In 1991, as the U.S. was poised to invade Kuwait to expel Iraqi occupiers, the CNN International Desk in Atlanta was abuzz. Phones were ringing off the hook as CNN’ers made their final preparations to cover what seemed like a near-certain war. During this madness, a caller phoned the CNN switchboard and demanded to be allowed to make a statement live on CNN immediately.
After the caller claimed to be Moammar Gadhafi, the CNN operator transferred the call to the International Desk, which I oversaw at the time. The desker who answered the phone turned to me and said, “I have a guy on the phone who claims to be Moammar Gadhafi, and he wants to speak on CNN right now.” My colleague told me the caller was speaking in near-perfect English. I told my colleague that Moammar Gahdafi doesn’t speak good English – I knew this because every time CNN had interviewed Gadhafi previously he spoke only in Arabic – and I instructed my colleague to hang up on the prankster. Done.
Two minutes later, the man claiming to be Gadhafi called back, irate that he was being treated so rudely by CNN. My colleague asked me, “What do I tell this guy?” I picked up the phone and berated him for trying to perpetrate such a fraud, especially during such a busy news time, and then I slammed down the phone.
He called back a third time, and this time he was beyond livid. I sarcastically told him if he was Gadhafi, he needed to pay for a satellite transmission so we could see it was him live on TV before we put him on the air.

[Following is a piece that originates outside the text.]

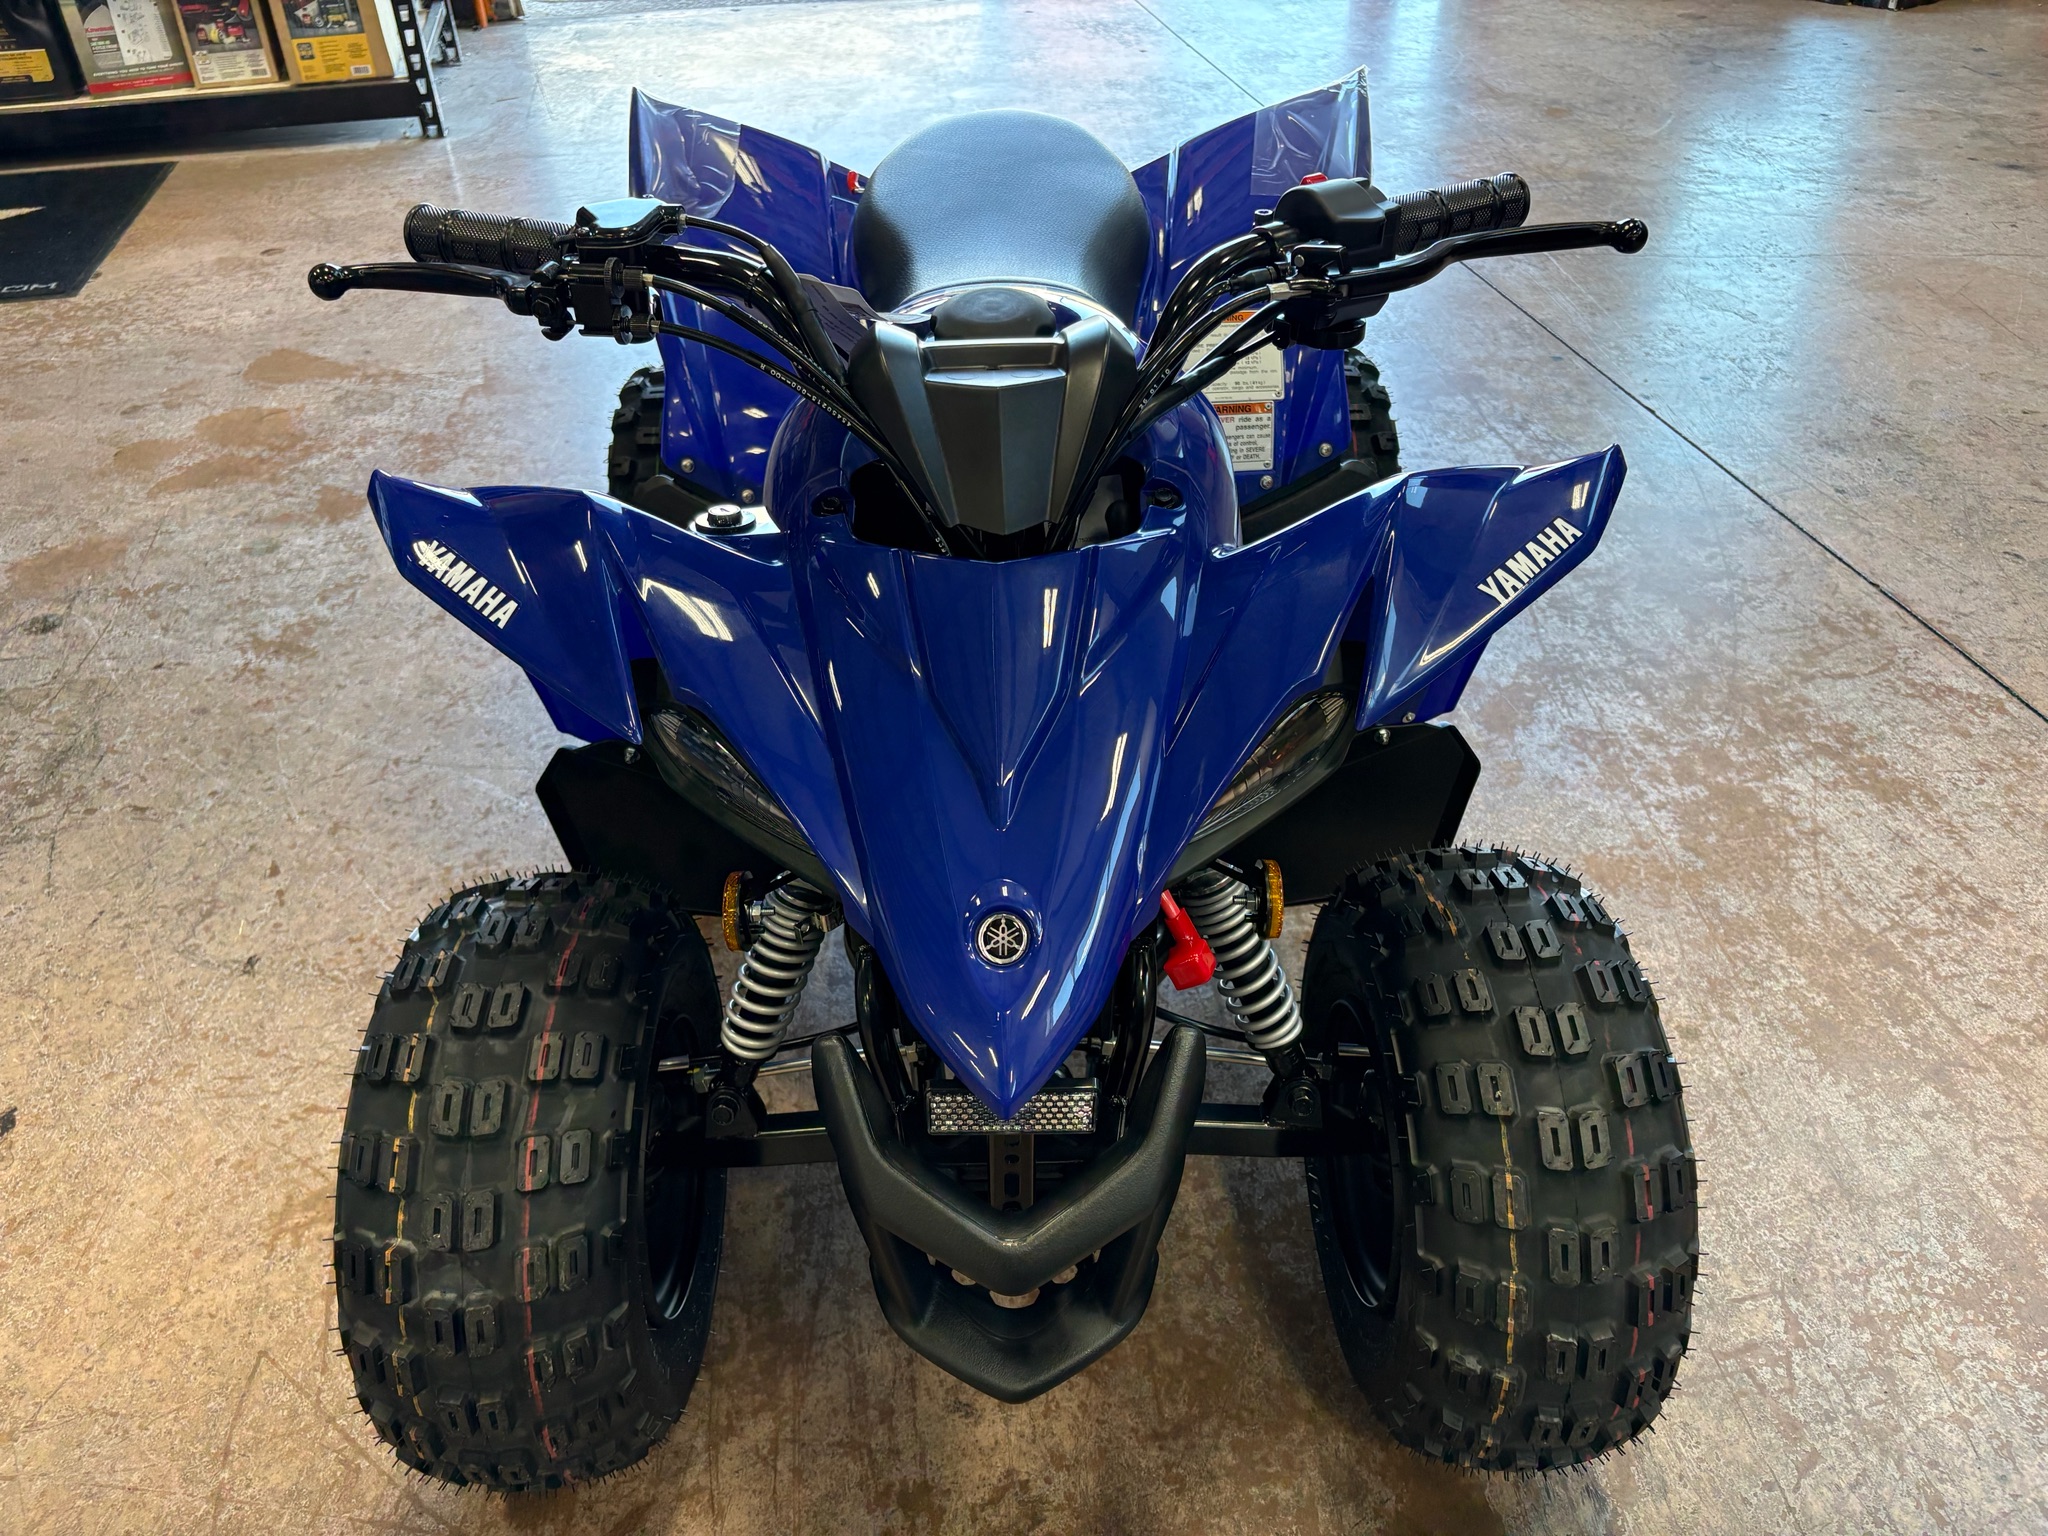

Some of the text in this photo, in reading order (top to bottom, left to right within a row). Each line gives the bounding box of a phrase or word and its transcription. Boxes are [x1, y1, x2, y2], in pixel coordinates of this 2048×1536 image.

[1215, 404, 1252, 415] ARNING
[415, 540, 519, 629] YAMAHA
[1477, 517, 1584, 605] YAMAHA

Much to my embarrassment, within the hour, up popped the satellite feed from Tripoli, with Gadhafi sitting in his tent ready to tell the world via CNN of his plan to avert the U.S. war against Iraq. When I saw it really was Gadhafi, I picked up the phone and asked him via his speakerphone, “How did you learn to speak such good English?” Gadhafi’s response: “I learned English by watching CNN.”